> [Task details]: Set down all of the data again, character for character.

> [Records for the task]:

•••

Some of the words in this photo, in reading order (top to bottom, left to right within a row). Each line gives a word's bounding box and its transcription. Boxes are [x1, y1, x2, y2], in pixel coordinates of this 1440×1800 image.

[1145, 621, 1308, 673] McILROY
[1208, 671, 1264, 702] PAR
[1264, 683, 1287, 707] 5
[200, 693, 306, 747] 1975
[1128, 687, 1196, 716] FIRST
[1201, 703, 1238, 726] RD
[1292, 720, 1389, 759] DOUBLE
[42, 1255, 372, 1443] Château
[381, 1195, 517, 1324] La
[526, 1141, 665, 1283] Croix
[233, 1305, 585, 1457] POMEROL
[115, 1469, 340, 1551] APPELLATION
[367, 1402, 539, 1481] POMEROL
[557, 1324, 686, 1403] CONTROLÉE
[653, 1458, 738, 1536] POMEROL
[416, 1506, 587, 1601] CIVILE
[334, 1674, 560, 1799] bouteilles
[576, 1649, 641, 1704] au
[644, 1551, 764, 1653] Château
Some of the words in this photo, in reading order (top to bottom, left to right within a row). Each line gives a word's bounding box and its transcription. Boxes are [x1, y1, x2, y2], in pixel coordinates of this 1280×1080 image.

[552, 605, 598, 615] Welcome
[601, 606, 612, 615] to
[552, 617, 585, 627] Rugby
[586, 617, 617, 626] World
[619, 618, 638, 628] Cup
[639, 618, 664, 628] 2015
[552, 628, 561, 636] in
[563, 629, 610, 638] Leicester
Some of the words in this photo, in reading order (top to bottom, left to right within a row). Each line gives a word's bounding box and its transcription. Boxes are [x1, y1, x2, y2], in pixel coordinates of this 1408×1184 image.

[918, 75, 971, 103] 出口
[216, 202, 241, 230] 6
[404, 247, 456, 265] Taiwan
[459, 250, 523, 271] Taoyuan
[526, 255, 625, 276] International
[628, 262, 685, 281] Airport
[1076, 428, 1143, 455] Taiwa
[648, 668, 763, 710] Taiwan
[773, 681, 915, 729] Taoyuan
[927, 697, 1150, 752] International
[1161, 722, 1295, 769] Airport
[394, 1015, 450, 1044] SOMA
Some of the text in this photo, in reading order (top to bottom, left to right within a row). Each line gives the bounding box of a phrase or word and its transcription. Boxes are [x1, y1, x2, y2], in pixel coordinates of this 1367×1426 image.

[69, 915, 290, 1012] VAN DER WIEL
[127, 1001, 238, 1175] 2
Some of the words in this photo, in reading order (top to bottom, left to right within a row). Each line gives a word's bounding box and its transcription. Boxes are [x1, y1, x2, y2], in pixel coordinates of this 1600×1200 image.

•••

> [Result]:
Some of the words in this photo, in reading order (top to bottom, left to right within a row). Each line gives a word's bounding box and its transcription. Boxes are [x1, y1, x2, y2], in pixel coordinates of this 1440×1800 image.

[1145, 621, 1308, 673] McILROY
[1208, 671, 1264, 702] PAR
[1264, 683, 1287, 707] 5
[200, 693, 306, 747] 1975
[1128, 687, 1196, 716] FIRST
[1201, 703, 1238, 726] RD
[1292, 720, 1389, 759] DOUBLE
[42, 1255, 372, 1443] Château
[381, 1195, 517, 1324] La
[526, 1141, 665, 1283] Croix
[233, 1305, 585, 1457] POMEROL
[115, 1469, 340, 1551] APPELLATION
[367, 1402, 539, 1481] POMEROL
[557, 1324, 686, 1403] CONTROLÉE
[653, 1458, 738, 1536] POMEROL
[416, 1506, 587, 1601] CIVILE
[334, 1674, 560, 1799] bouteilles
[576, 1649, 641, 1704] au
[644, 1551, 764, 1653] Château
Some of the words in this photo, in reading order (top to bottom, left to right within a row). Each line gives a word's bounding box and its transcription. Boxes are [x1, y1, x2, y2], in pixel coordinates of this 1280×1080 image.

[552, 605, 598, 615] Welcome
[601, 606, 612, 615] to
[552, 617, 585, 627] Rugby
[586, 617, 617, 626] World
[619, 618, 638, 628] Cup
[639, 618, 664, 628] 2015
[552, 628, 561, 636] in
[563, 629, 610, 638] Leicester
Some of the words in this photo, in reading order (top to bottom, left to right within a row). Each line gives a word's bounding box and its transcription. Boxes are [x1, y1, x2, y2], in pixel coordinates of this 1408×1184 image.

[918, 75, 971, 103] 出口
[216, 202, 241, 230] 6
[404, 247, 456, 265] Taiwan
[459, 250, 523, 271] Taoyuan
[526, 255, 625, 276] International
[628, 262, 685, 281] Airport
[1076, 428, 1143, 455] Taiwa
[648, 668, 763, 710] Taiwan
[773, 681, 915, 729] Taoyuan
[927, 697, 1150, 752] International
[1161, 722, 1295, 769] Airport
[394, 1015, 450, 1044] SOMA
Some of the text in this photo, in reading order (top to bottom, left to right within a row). Each line gives the bounding box of a phrase or word and its transcription. Boxes are [x1, y1, x2, y2], in pixel coordinates of this 1367×1426 image.

[69, 915, 290, 1012] VAN DER WIEL
[127, 1001, 238, 1175] 2
Some of the words in this photo, in reading order (top to bottom, left to right within a row). Each line gives a word's bounding box and its transcription. Boxes are [x1, y1, x2, y2], in pixel coordinates of this 1600×1200 image.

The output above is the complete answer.